Scalar Subqueries in Oracle SQL WHERE clauses (and a little bit of Exadata stuff too)

My previous post was about Oracle 12c SQL Scalar Subquery transformations. Actually I need to clarify its scope a bit: the previous post was about scalar subqueries inside a SELECT projection list only (meaning that for populating a field in the query resultset, a subquery gets executed once for each row returned back to the caller, instead of returning a “real” column value passed up from a child rowsource).

I did not cover an other use case in my previous post – it is possible to use scalar subqueries also in the WHERE clause, for filtering the resultset, so let’s see what happens in this case too!

Note that the tests below are ran on an Oracle database (not 12c as in the previous post), because I want to add a few Exadata details to this post – and as of now, 18th August 2013, Smart Scans don’t work with Oracle 12c on Exadata. This will of course change once the first Oracle 12c patchset will be released, but this will probably happen somewhere in the next year.

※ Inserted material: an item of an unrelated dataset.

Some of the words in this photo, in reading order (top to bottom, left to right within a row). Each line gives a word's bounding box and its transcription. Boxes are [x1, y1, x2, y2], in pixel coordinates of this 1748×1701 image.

So, let’s look into the following simple query. The bold red part is the scalar subquery (well, as long as it returns 0 or 1 rows, if it returns more, you’ll get an error during query execution). I’m searching for “objects” from a test_objects_100m table (with 100 Million rows in it), but I only want to process the rows where the object’s owner name is whatever the subquery on test_users table returns. I have also disabled Smart Scans for this query so that the database would behave more like a regular non-Exadata DB for now:

SELECT /*+ MONITOR OPT_PARAM('cell_offload_processing', 'false') */
    SUM(LENGTH(object_name)) + SUM(LENGTH(object_type)) + SUM(LENGTH(owner))
    test_objects_100m o
    o.owner = (SELECT u.username FROM test_users u WHERE user_id = 13)

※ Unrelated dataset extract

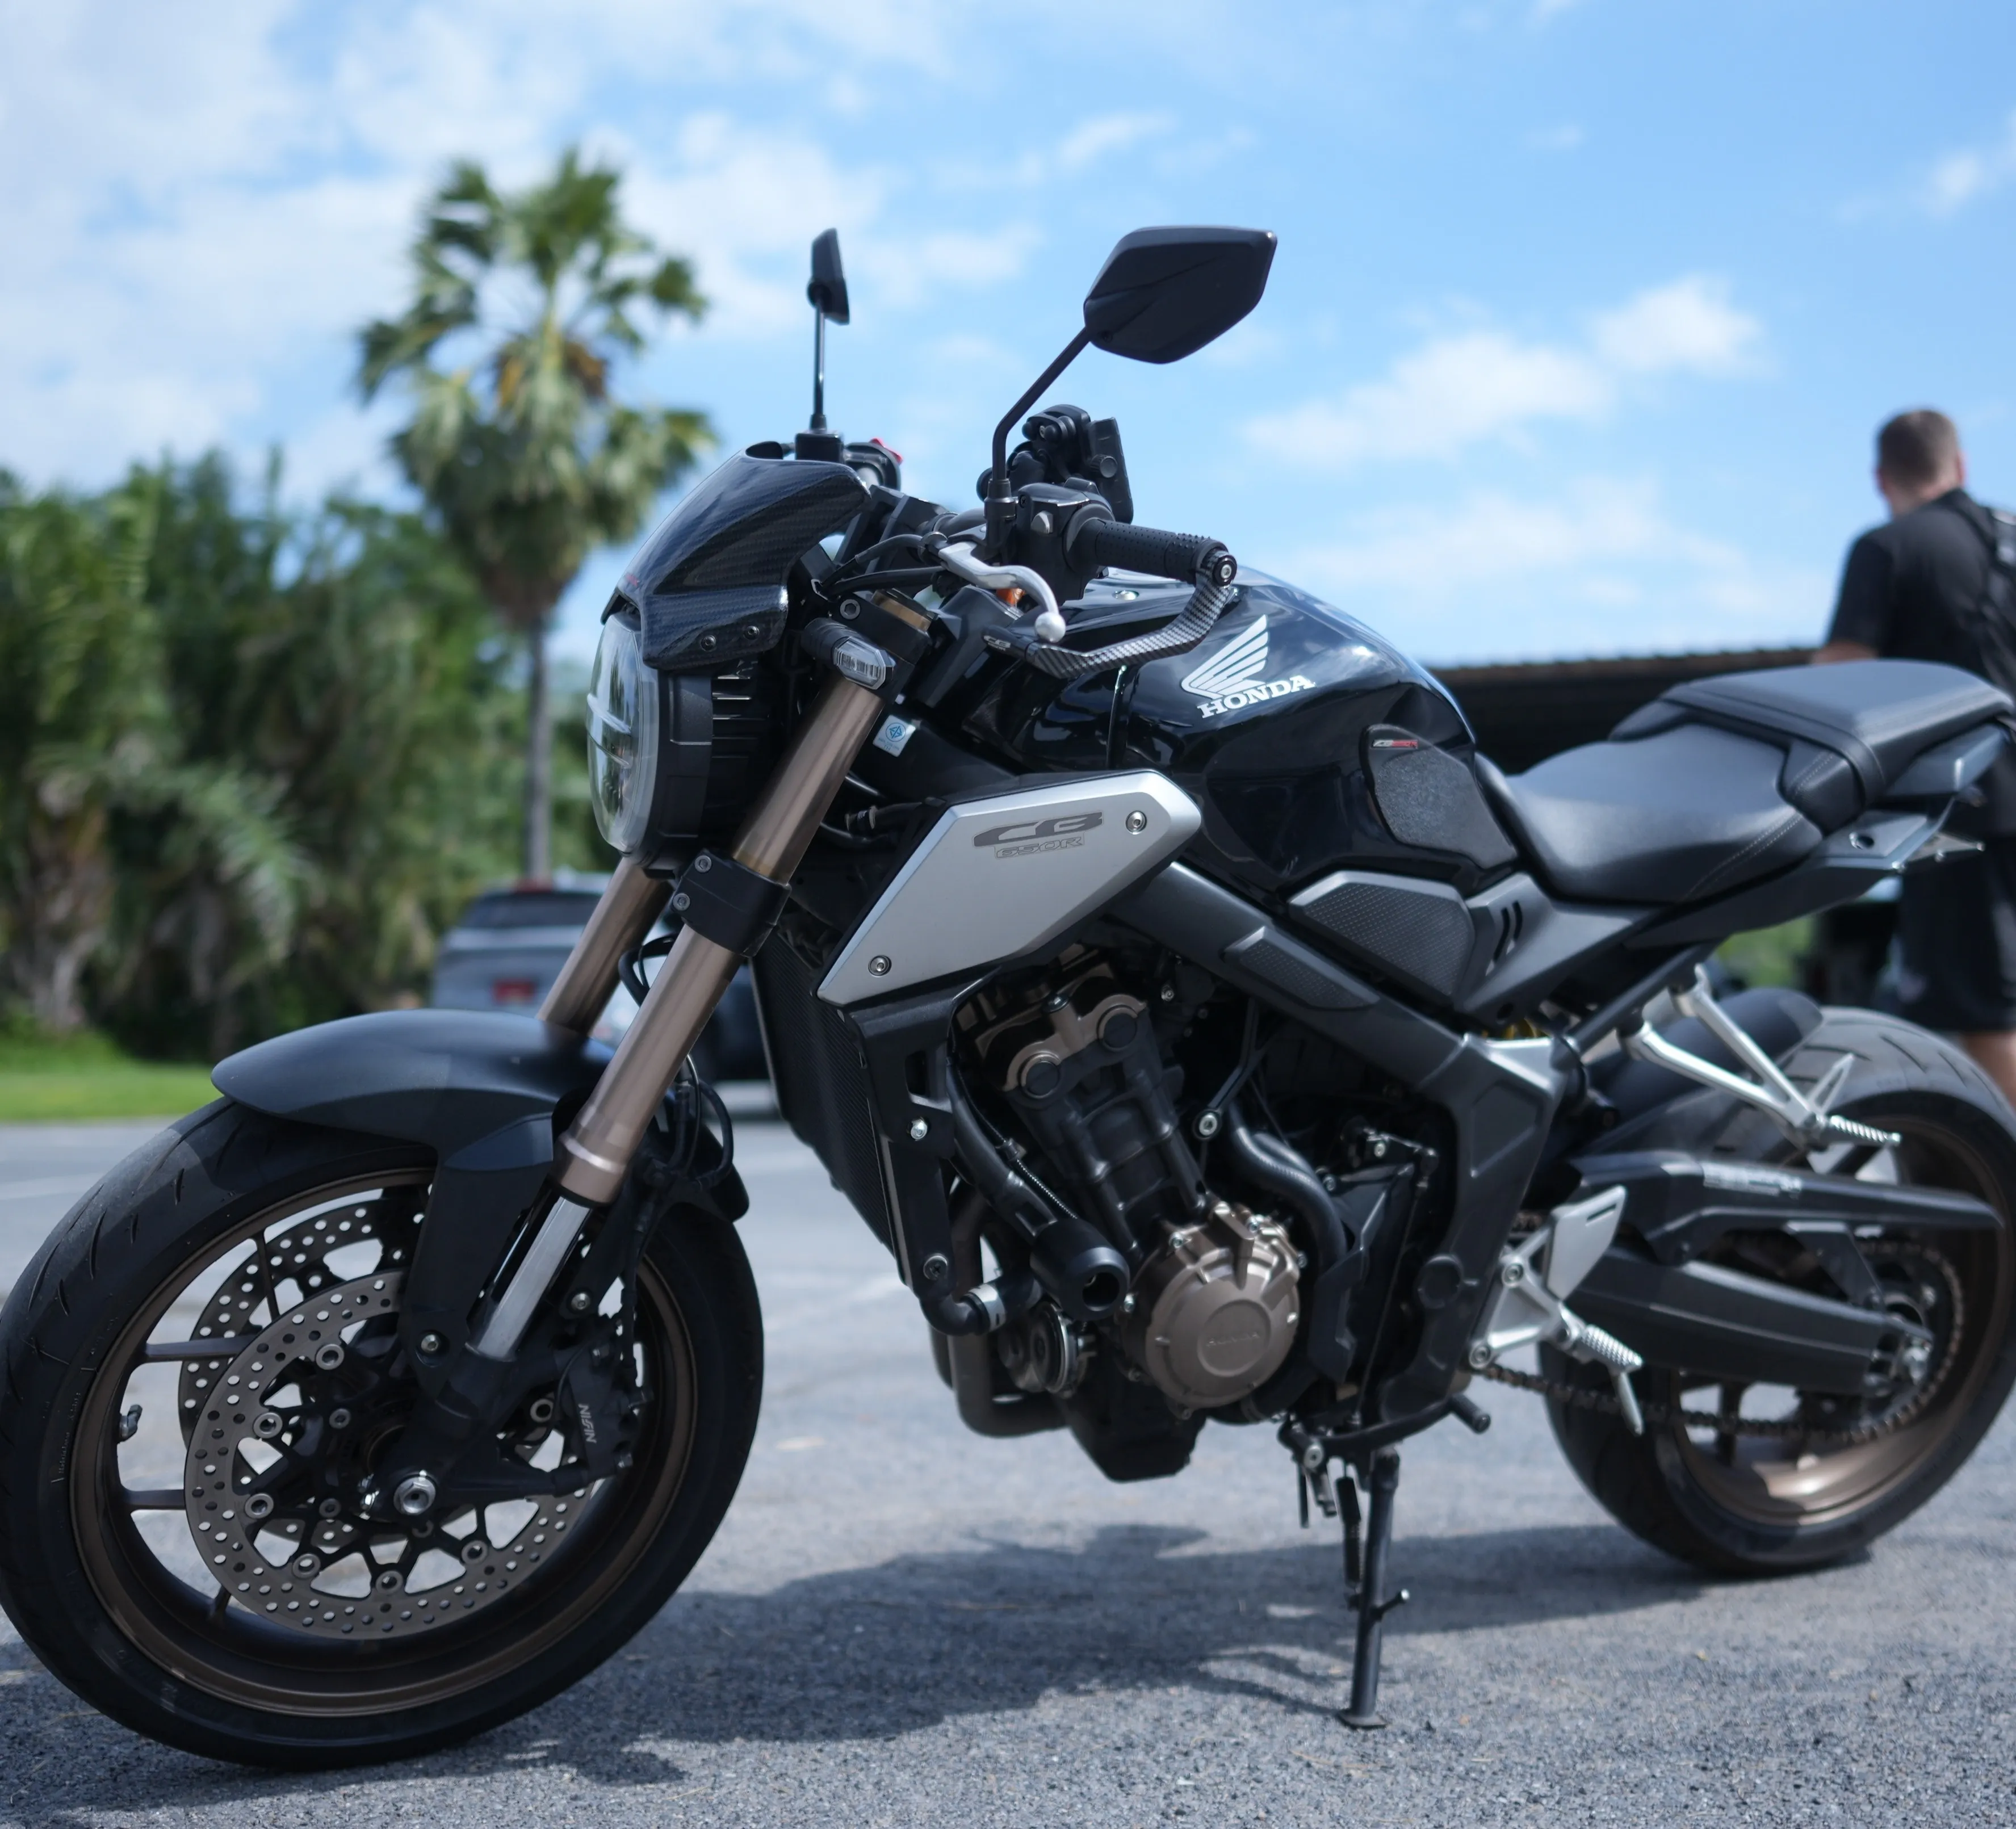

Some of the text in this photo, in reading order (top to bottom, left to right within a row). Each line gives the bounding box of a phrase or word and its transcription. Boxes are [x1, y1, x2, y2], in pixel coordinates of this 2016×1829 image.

Note the equals (=) sign above, I’m simply looking for a single, noncorrelated value from the subquery – it’s not a more complex (and unpredictable!) IN or EXISTS subquery. Let’s see the execution plan, pay attention to the the table names and execution order below:

| Id  | Operation                              | Name              | Rows  | Bytes | Cost (%CPU)| Time     |
|   0 | SELECT STATEMENT                       |                   |     1 |    33 |   405K  (1)| 00:52:52 |
|   1 |  SORT AGGREGATE                        |                   |     1 |    33 |            |          |
|*  2 |   TABLE ACCESS STORAGE FULL            | TEST_OBJECTS_100M |  7692K|   242M|   405K  (1)| 00:52:52 |
|*  3 |    TABLE ACCESS STORAGE FULL FIRST ROWS| TEST_USERS        |     1 |    12 |     3   (0)| 00:00:01 |

   2 - filter("O"."OWNER"= (SELECT "U"."USERNAME" FROM "TEST_USERS" "U" WHERE "USER_ID"=13))
   3 - filter("USER_ID"=13)

That sure is a weird-looking execution plan, right?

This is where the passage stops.